Bimonthly assessment of magnetization transfer magnetic resonance imaging parameters in multiple sclerosis: a 14-month, multicentre, follow-up study

Abstract

This study was performed to assess the temporal evolution of damage within lesions and the normal-appearing white matter, measured using frequent magnetization transfer (MT) MRI, in relapsing—remitting multiple sclerosis (RRMS). The relationship of MT ratio (MTR) changes with measures of lesion burden, and the sample sizes needed to demonstrate a treatment effect on MTR metrics in placebo-controlled MS trials were also investigated. Bimonthly brain conventional and MT MRI scans were acquired from 42 patients with RRMS enrolled in the placebo arm of a 14-month, double-blind trial. Longitudinal MRI changes were evaluated using a random effect linear model accounting for repeated measures, and adjusted for centre effects. The Expanded Disability Status Scale (EDSS) score remained stable over the study period. A weak, but not statistically significant, decrease over time was detected for normal-appearing brain tissue (NABT) average MTR (—0.02% per visit; p = 0.14), and MTR peak height (—0.15 per visit; p = 0.17), while average lesion MTR showed a significant decrease over the study period (—0.07% per visit; p = 0.03). At each visit, all MTR variables were significantly correlated with T2 lesion volume (LV) (average coefficients of correlation ranging from —0.54 to —0.28, and p-values from <0.001 to 0.02). At each visit, NABT average MTR was also significantly correlated with T1-hypointense LV (average coefficient of correlation = —0.57, p < 0.001).
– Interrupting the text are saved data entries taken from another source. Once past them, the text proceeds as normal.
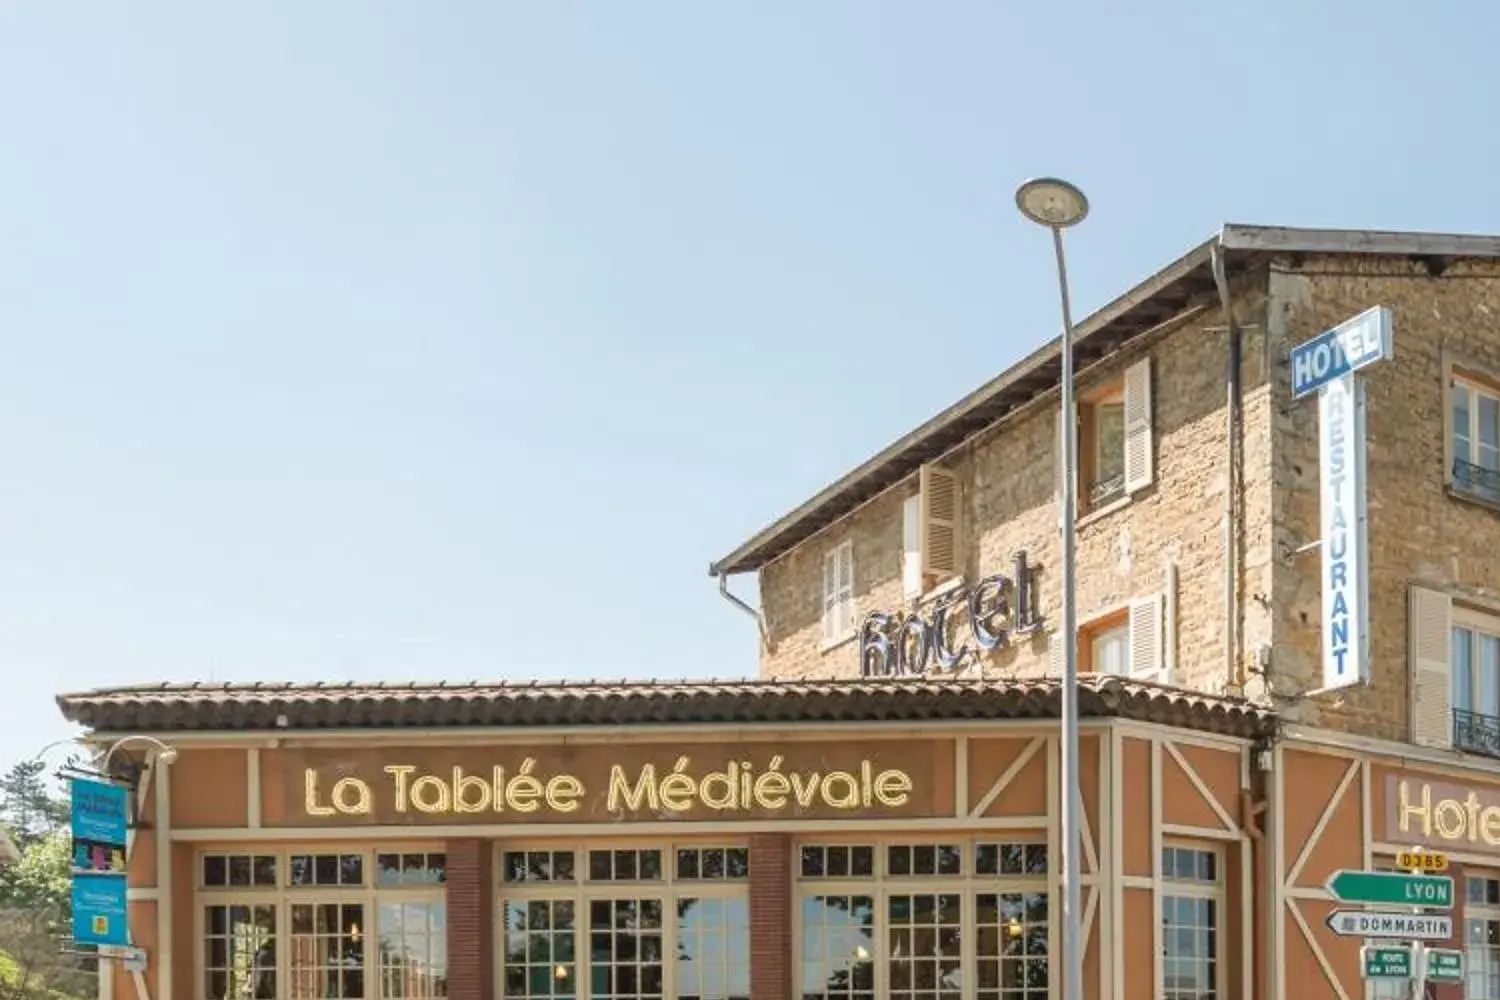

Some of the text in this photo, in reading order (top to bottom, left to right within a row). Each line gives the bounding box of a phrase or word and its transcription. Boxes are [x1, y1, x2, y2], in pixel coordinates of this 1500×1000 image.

[1295, 321, 1379, 388] HOTEL
[1327, 390, 1349, 676] RESTAURANT
[305, 755, 914, 816] La Tablée Médiévale
[1405, 882, 1448, 900] LYON
[1360, 917, 1448, 934] DOMMARTIN
The estimation of the sample sizes required to demonstrate a reduction of average lesion MTR (the only parameter with a significant decrease over the follow-up) ranged from 101 to 154 patients to detect a treatment effect of 50% in a 1-year trial with a power of 90%. The steady correlation observed between conventional and MT MRI measures over time supports the hypothesis of axonal degeneration of fibres passing through focal lesions as one of the factors contributing to the overall MS burden.